Aim of the exercise - When you transcribe the listing, keep each line exact and drop the pictures.

Recorded information -
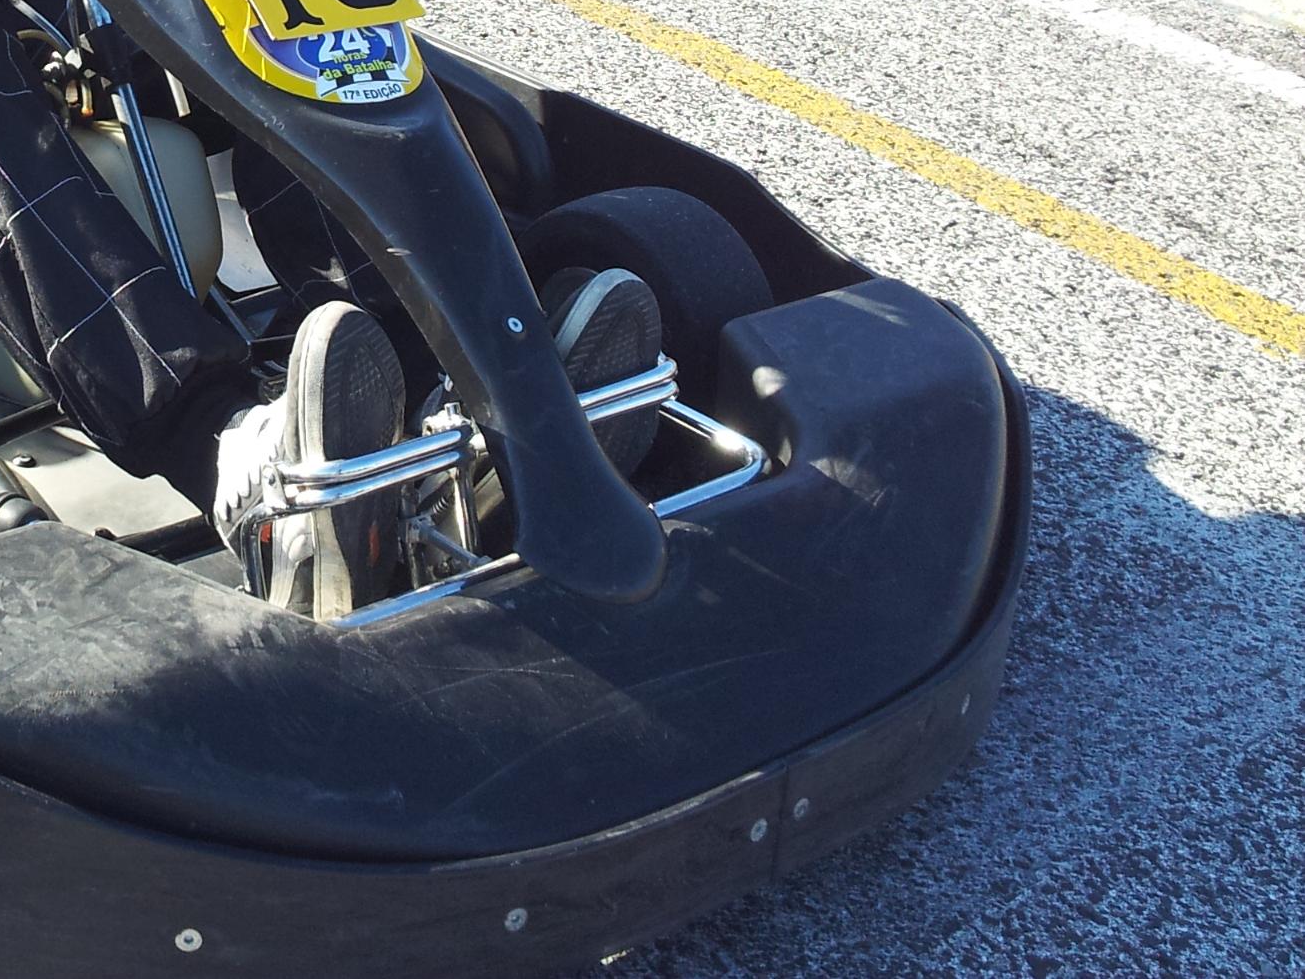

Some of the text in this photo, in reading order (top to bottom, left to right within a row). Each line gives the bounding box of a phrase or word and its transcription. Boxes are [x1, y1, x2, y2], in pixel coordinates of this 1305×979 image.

[318, 28, 371, 63] 24
[323, 59, 394, 81] da Batalha
[363, 83, 402, 100] EDIÇÃO
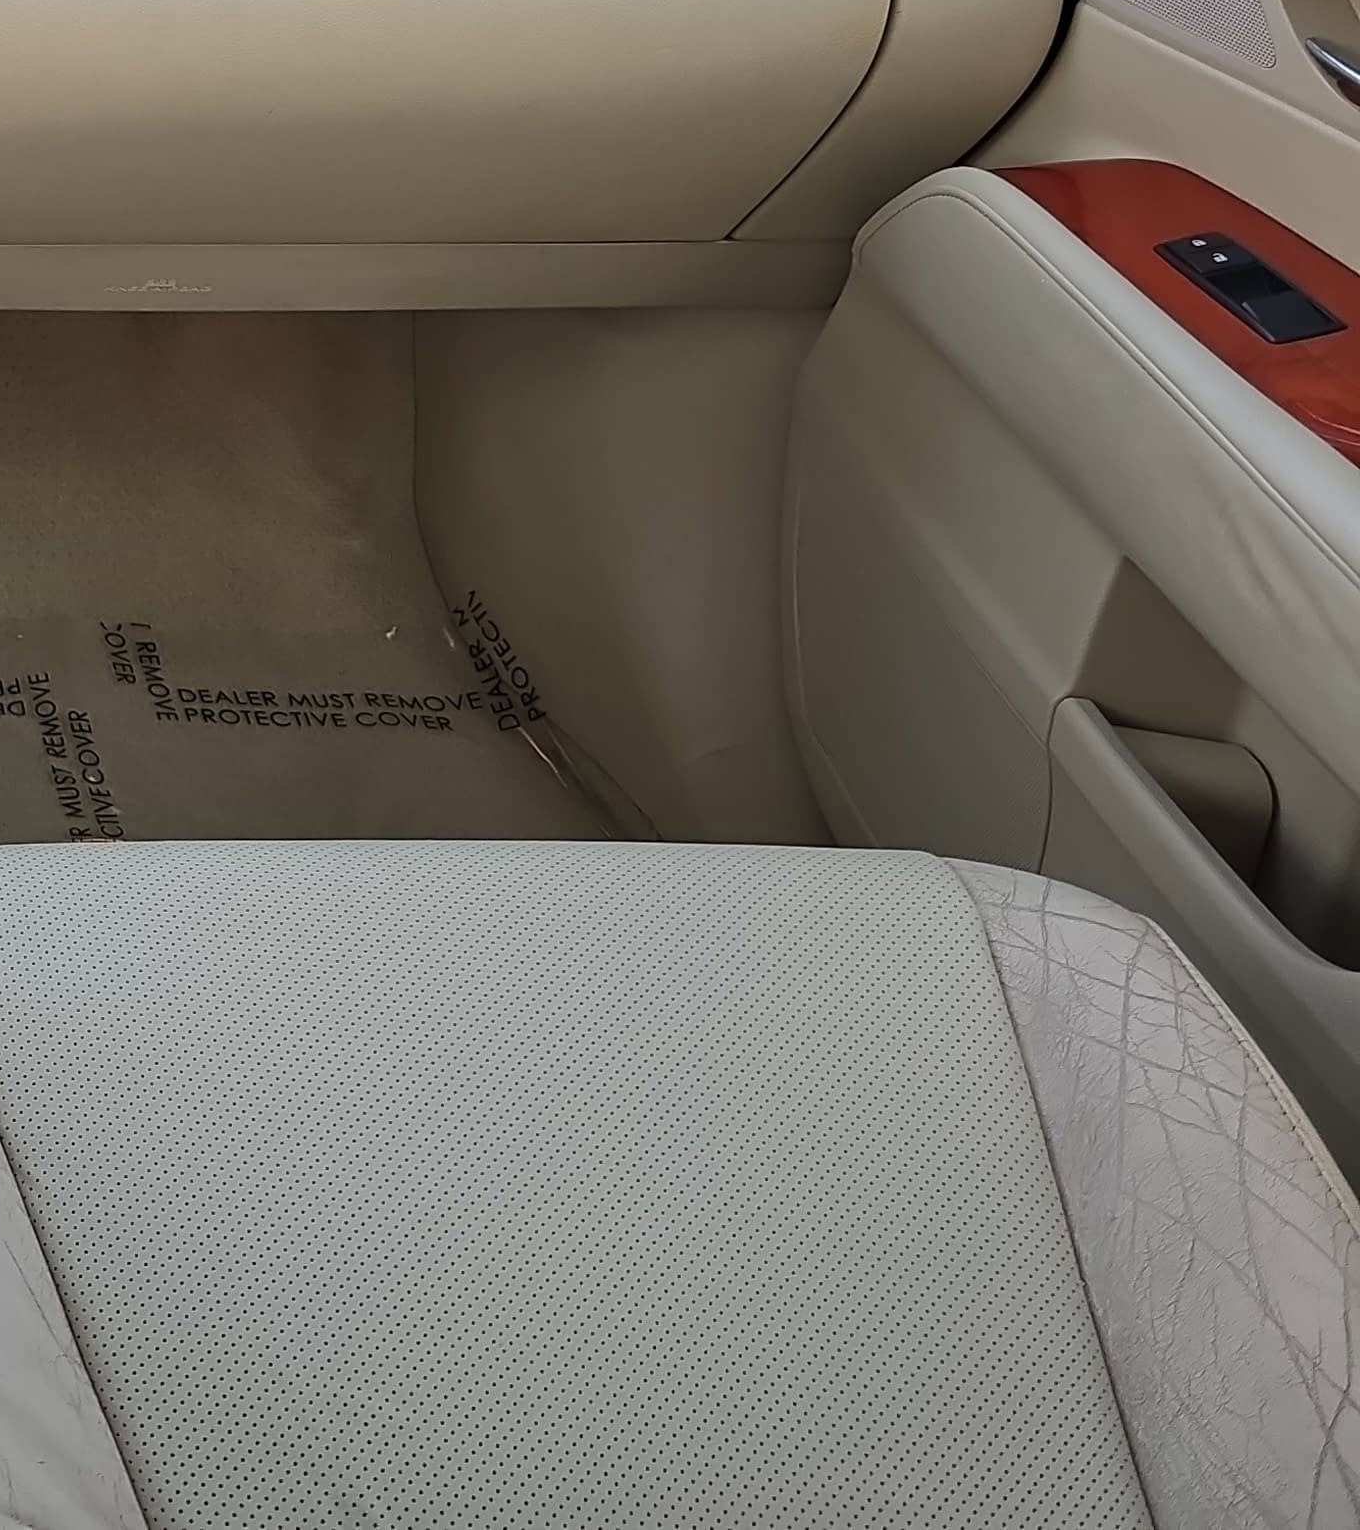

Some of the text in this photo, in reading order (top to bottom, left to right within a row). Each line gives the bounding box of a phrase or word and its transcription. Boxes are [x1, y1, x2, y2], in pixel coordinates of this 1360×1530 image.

Reply to the exercise -
Some of the text in this photo, in reading order (top to bottom, left to right within a row). Each line gives the bounding box of a phrase or word and its transcription. Boxes are [x1, y1, x2, y2], in pixel coordinates of this 1305×979 image.

[318, 28, 371, 63] 24
[323, 59, 394, 81] da Batalha
[363, 83, 402, 100] EDIÇÃO

Some of the text in this photo, in reading order (top to bottom, left to right within a row). Each line gives the bounding box of a phrase or word and its transcription. Boxes are [x1, y1, x2, y2], in pixel coordinates of this 1360×1530 image.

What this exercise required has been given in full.